The Town of Smithfield and Surry County saw similar drops in the number of reported incidents, 45 and 42 percent, respectively. Surry County had a larger decrease in the number of arrests last year compared to 10 years ago, by 53 percent. {mprestriction ids=”1,2,3,4,5,6″}

Isle of Wight Sheriff James Clarke said he’d like to think the drop in the county is due to his agency being more proactive. 

The dedicated Carrollton patrol, added a few years ago, has helped, as well as vigilant residents and business owners and deputies talking to people, said Clarke.

“More eyes, more visibility, more deterrence,” he said. 

When crime does happen, deputies are there to quickly respond and that leads to arrests, said Clarke.

The areas along Route 17 in Carrollton have become especially vulnerable to crime in recent years due to the build-up of houses and businesses, as well as the proximity to the larger metropolitan areas via the James River Bridge and through Suffolk. 

Deputies have dubbed it the “corridor of crime.” 

The top three reported incidents in Isle of Wight for 2018 were larceny, simple assault and drugs. 

“I don’t think the drug problem will ever go away,” said Clarke.

In Isle of Wight the most prevalent substance leading to arrests is marijuana — and the same holds true statewide, according to the report. Clarke attributes the arrests to deputies being assigned to federal and state drug task forces. Clarke said there have been some opioid arrests, and they take overdoses seriously. 

Clarke said another driving distraction is rivaling alcohol and that’s texting while driving. Sometimes a deputy will pull a driver over on a suspected DUI, but it’s not that, it’s phone use, he said. 

Clarke said his agency is also trying to get people to lock their car doors. 

People move here and think they’re in the bucolic country, but individuals are coming to Isle of Wight to steal things, and the Eagle Harbor area is particularly vulnerable, he said. 

Yearly crime statistics reflect what occurred in a locality that past year, and Clarke predicts a spike in the number of pornography arrests for 2019.
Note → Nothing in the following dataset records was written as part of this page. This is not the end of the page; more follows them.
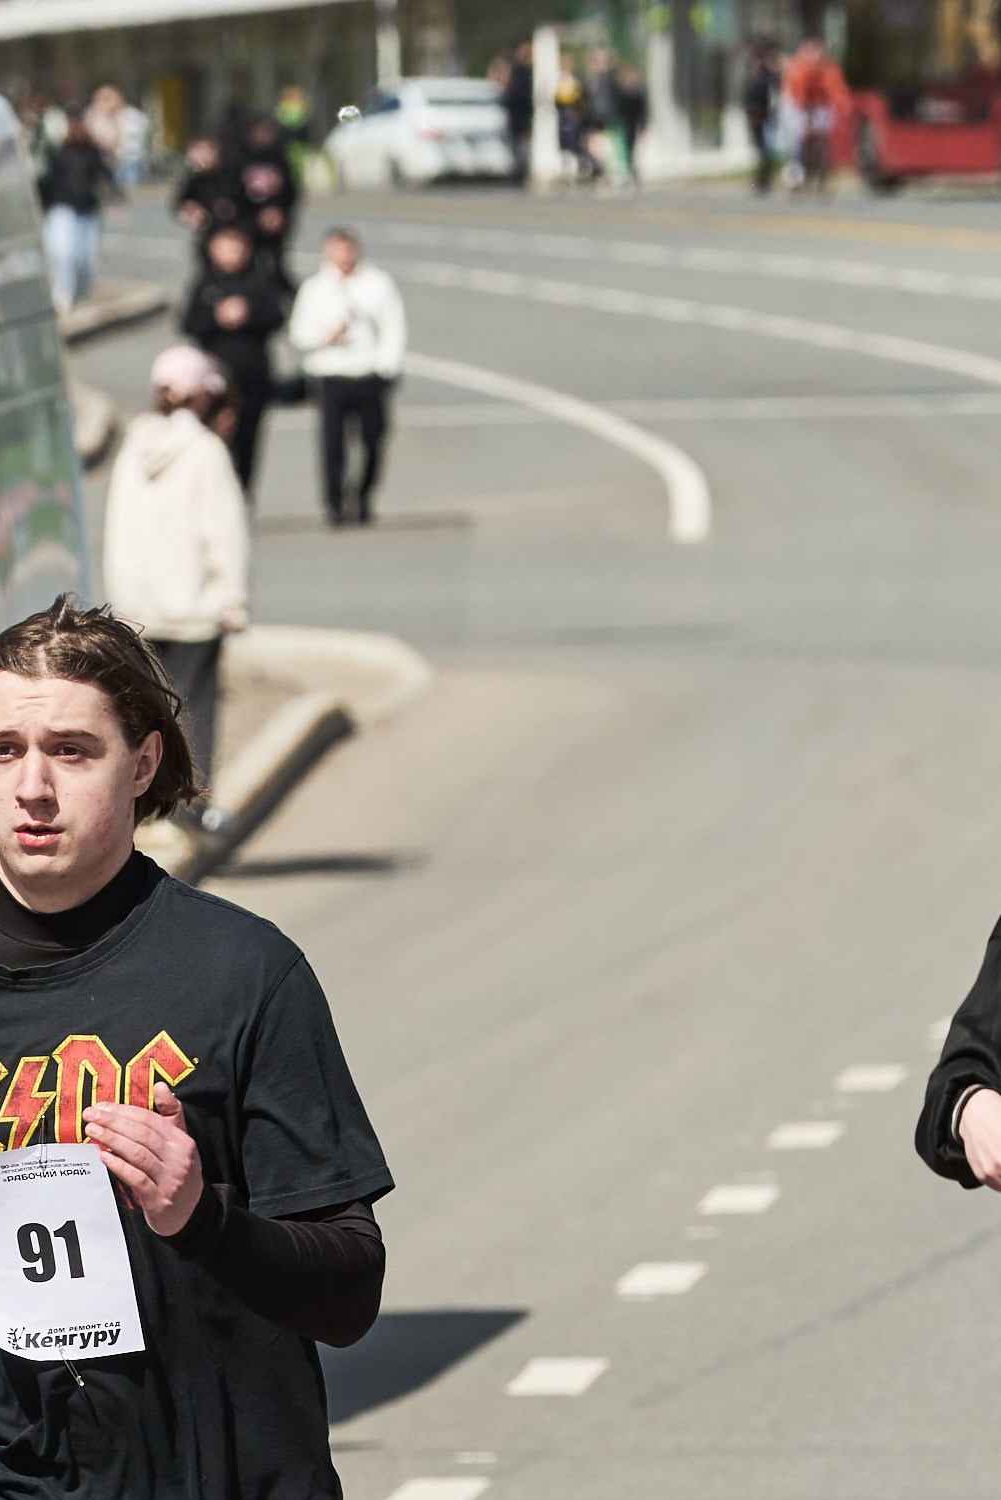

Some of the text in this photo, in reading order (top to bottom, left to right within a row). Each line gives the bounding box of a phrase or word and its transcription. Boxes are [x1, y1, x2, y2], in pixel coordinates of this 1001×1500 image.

[2, 1167, 91, 1182] «РАБОЧИЙ КРАЙ»
[17, 1220, 85, 1283] 91
[47, 1327, 65, 1335] ДОМ
[69, 1323, 101, 1332] РЕМОНТ
[25, 1328, 121, 1350] Кенгуру
The Isle of Wight Sheriff’s Office has a deputy dedicated to those crimes and so far this year there have been several arrests. 


Drug-related incidents moved into the top three reported offenses in Smithfield for 2018, edging out destruction of property and vandalism from ten years ago. The most reported offense for 2018 was larceny, followed by simple assault.

As for arrests in Hamtown, the top three were for drugs and DUI, with drunkenness and assault tied for third. 

There was no arrest data available for 2008. 

Smithfield Police Chief Alonzo Howell said the town’s crime rate, like most localities across the United States, is going down. 

Howell is hesitant, however, to take too much credit for the decline because if it goes up again, he’d have to take credit for that too. 

Howell would like to think it’s due to a concerted effort by police and a community becoming more educated about what to report. 

Plus, residents are learning to lock their car doors, he said. 

As with Isle of Wight, marijuana is the most prevalent illegal drug fueling arrests in the town, said Howell. 

With the talk of legalizing pot, some folks think it’s O.K. to use it, but if the state does go that route, we will have to deal with the aftermath, said Howell.

The public will still need to be educated on what one can and cannot do with marijuana, such as driving, he said. 


The number of reported offenses last year in Windsor dropped by 19 percent from five years ago. Information from 2008 was not available. The top three reported offenses, and arrests, in Windsor last year were for drugs, assault and DUI.

“Those are the social issues of the day, aren’t they?” said Windsor Police Chief Rodney “Dan” Riddle.

Riddle said assaults are out of the realm of what the police can control. His department likes to focus on teaching people how to prevent burglaries, robberies, credit card theft, fraud — those sorts of crimes. 

Drugs and alcohol are a social issue, said Riddle, adding, “You can’t legislate morality.”

Riddle wanted to point out that with an agency as small as Windsor, statistics can be misleading, as a small change one way or another looks bigger than it may actually be. 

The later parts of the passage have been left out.